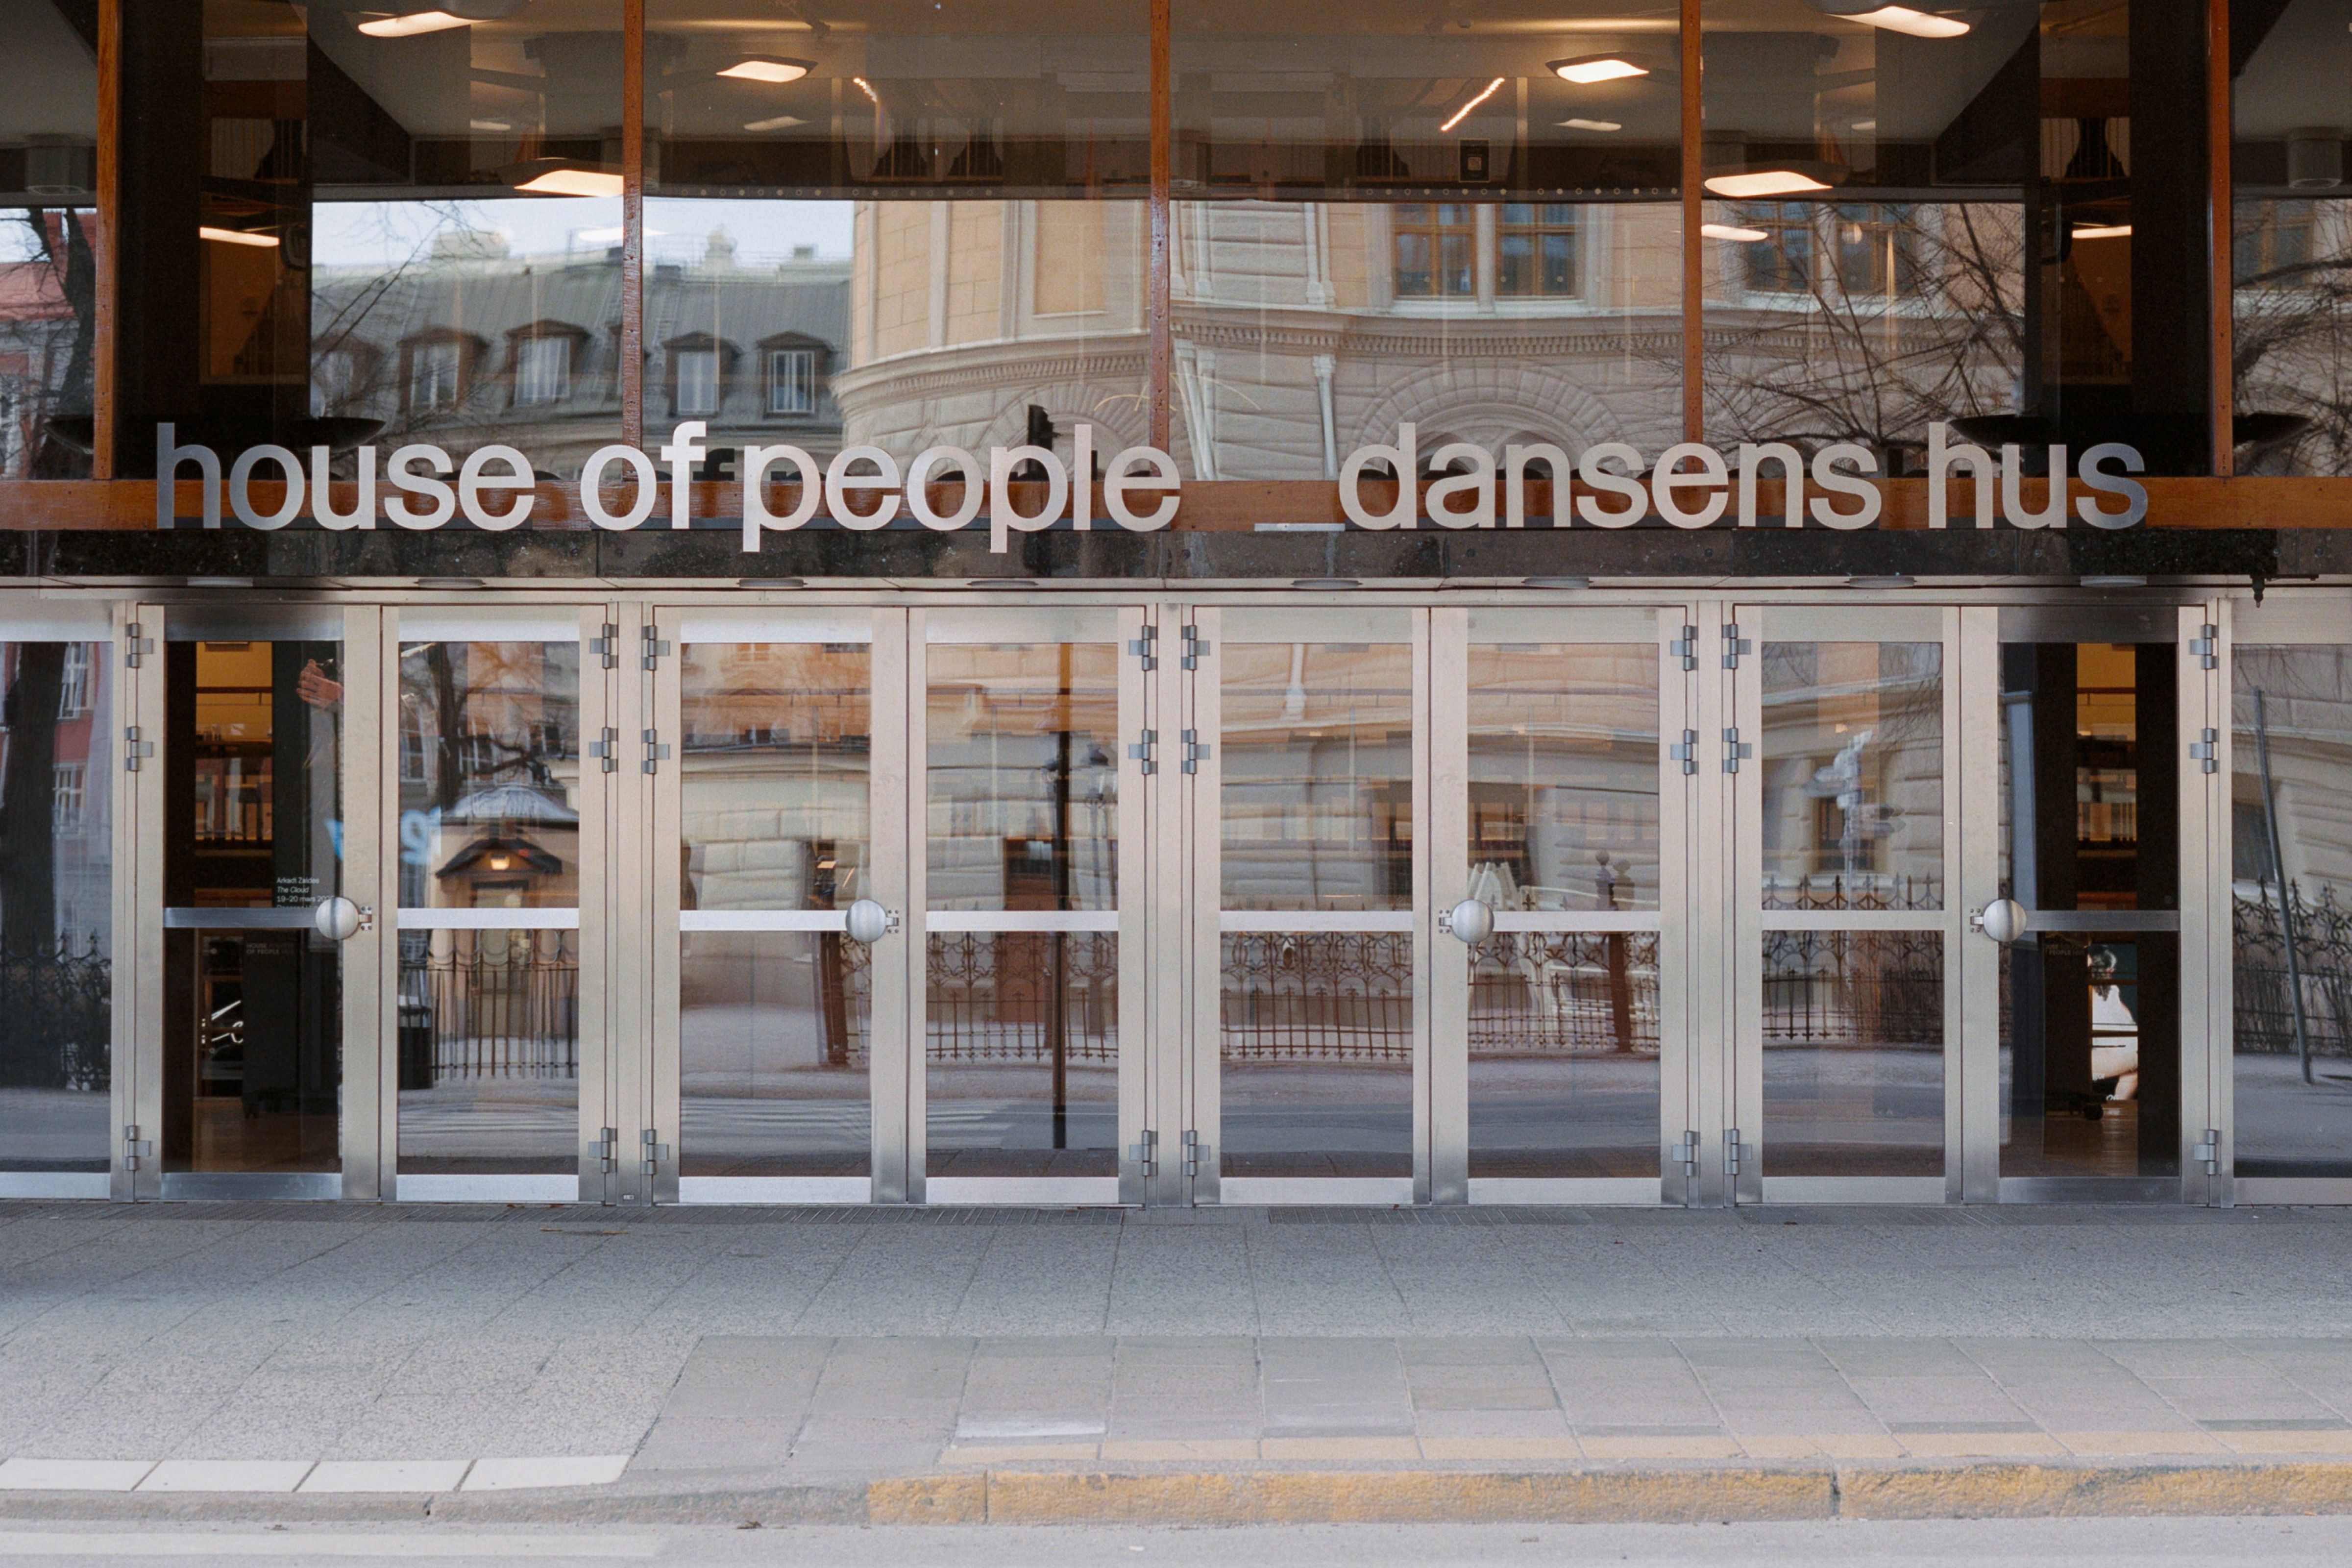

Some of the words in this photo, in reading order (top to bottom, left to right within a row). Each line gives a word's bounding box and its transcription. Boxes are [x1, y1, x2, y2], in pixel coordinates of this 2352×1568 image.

[156, 422, 535, 530] house
[580, 422, 706, 530] of
[742, 424, 1180, 553] people
[1338, 422, 1882, 530] dansens
[1929, 422, 2148, 531] hus
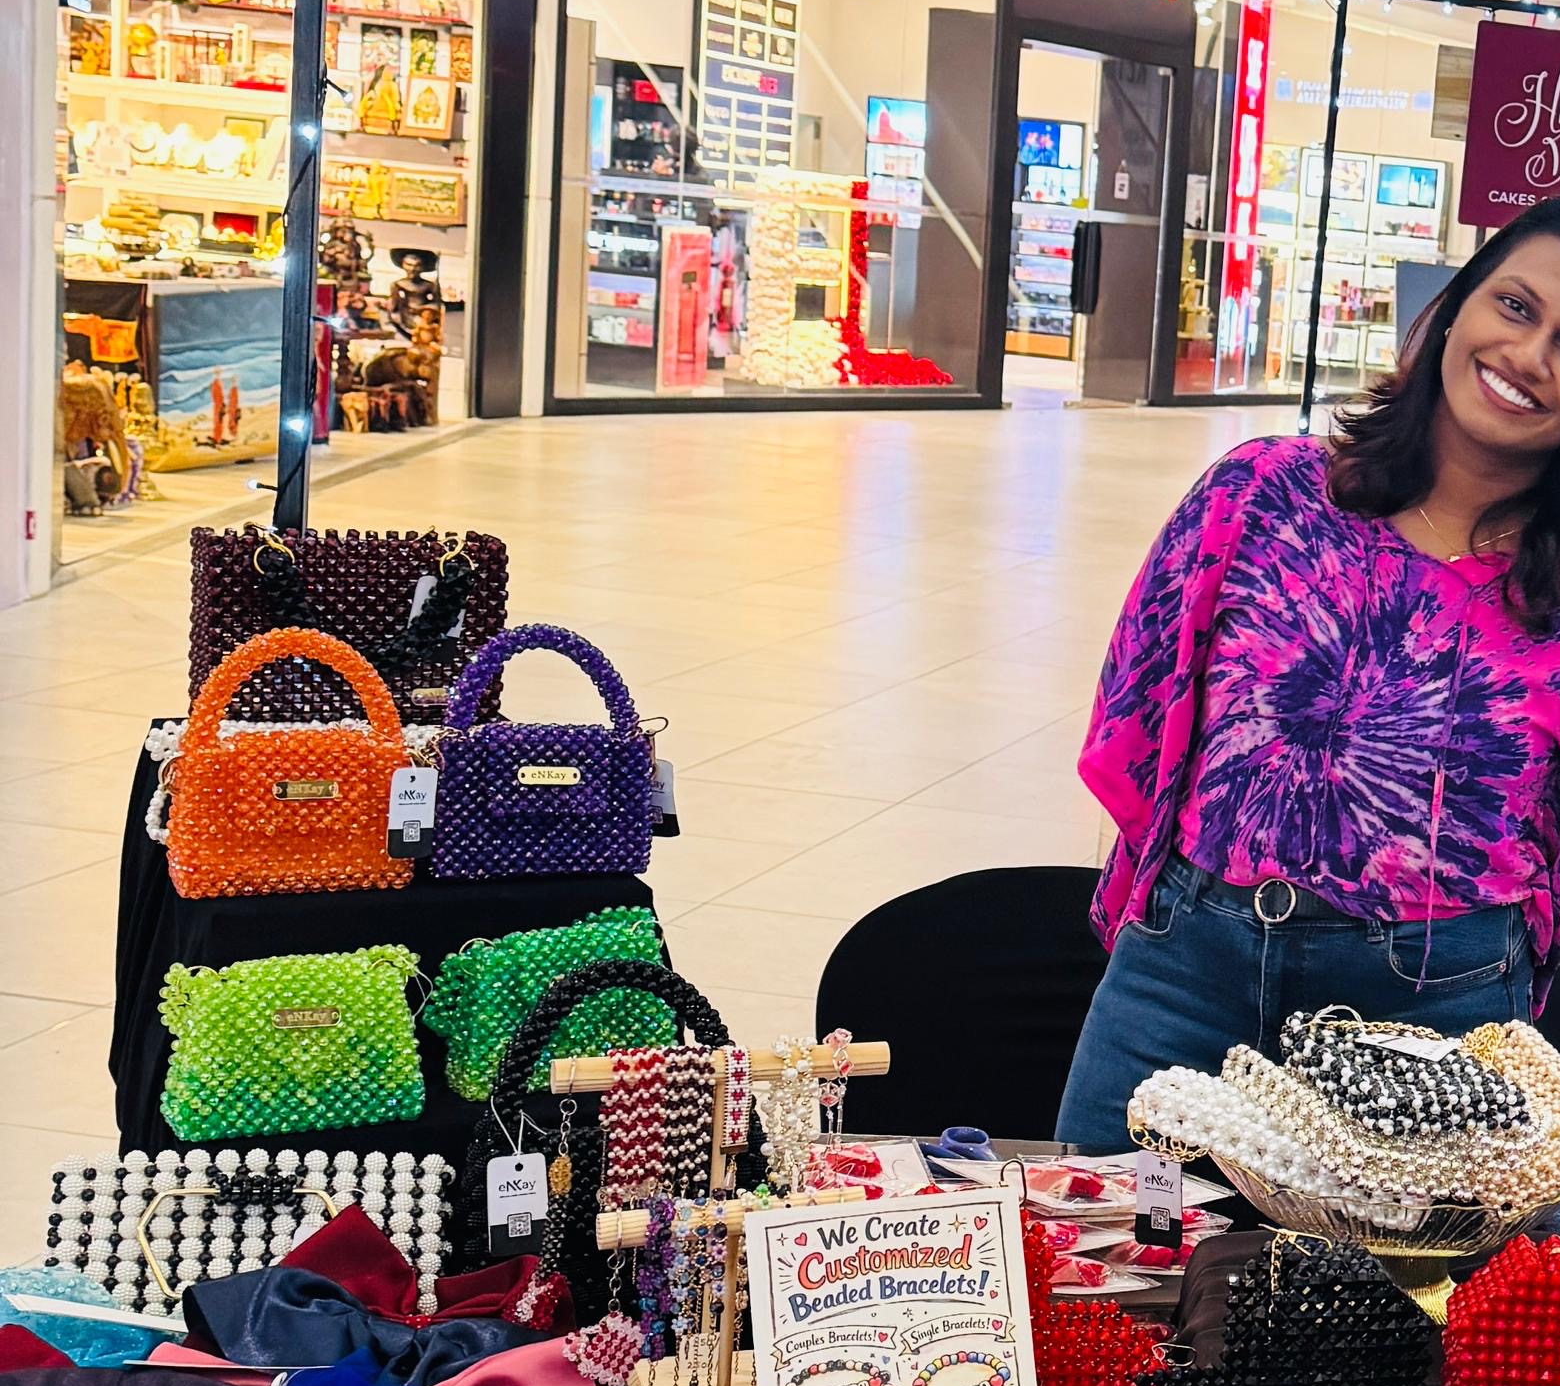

────────────────────────────────────────

[WHAT YOU NEED TO DO]: An exact copy of every entry, without pictures, should be your output.

[ANSWER SPACE]:
Some of the words in this photo, in reading order (top to bottom, left to right within a row). Each line gives a word's bounding box and its transcription. Boxes are [x1, y1, x2, y2], in pixel coordinates of this 2352×1568 image.

[156, 422, 535, 530] house
[580, 422, 706, 530] of
[742, 424, 1180, 553] people
[1338, 422, 1882, 530] dansens
[1929, 422, 2148, 531] hus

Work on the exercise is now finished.